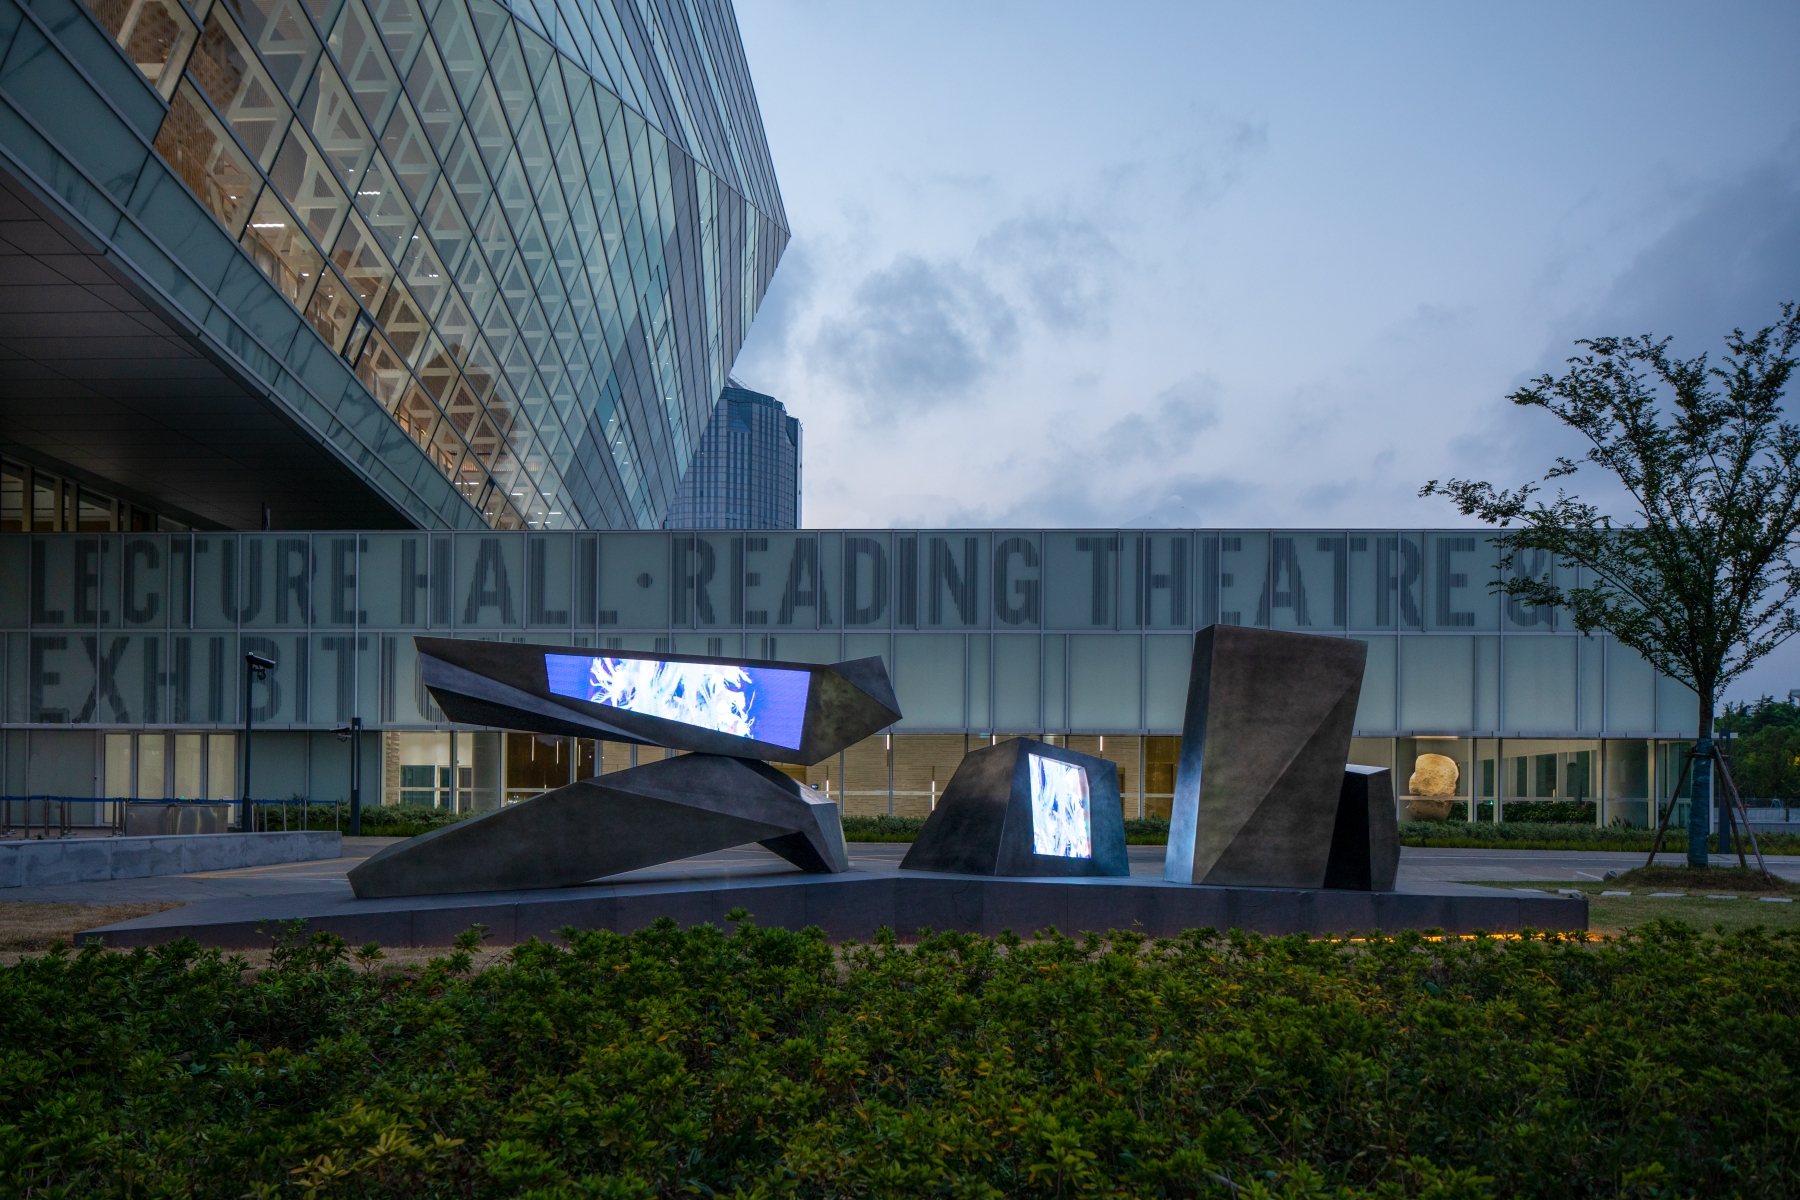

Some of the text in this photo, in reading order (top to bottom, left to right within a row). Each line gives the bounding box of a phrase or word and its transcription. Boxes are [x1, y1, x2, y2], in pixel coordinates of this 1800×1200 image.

[32, 538, 367, 625] LECTURE
[402, 538, 617, 625] HALL
[672, 537, 1039, 625] READING
[1076, 537, 1476, 626] THEATRE
[30, 636, 526, 724] EXHIBITI
+ + +
* Exercise description *
Do not include the images; transcribe the rest of the listing exactly.

* Exercise answer *
Some of the text in this photo, in reading order (top to bottom, left to right within a row). Each line gives the bounding box of a phrase or word and its transcription. Boxes are [x1, y1, x2, y2], in pixel coordinates of this 1800×1200 image.

[32, 538, 367, 625] LECTURE
[402, 538, 617, 625] HALL
[672, 537, 1039, 625] READING
[1076, 537, 1476, 626] THEATRE
[30, 636, 526, 724] EXHIBITI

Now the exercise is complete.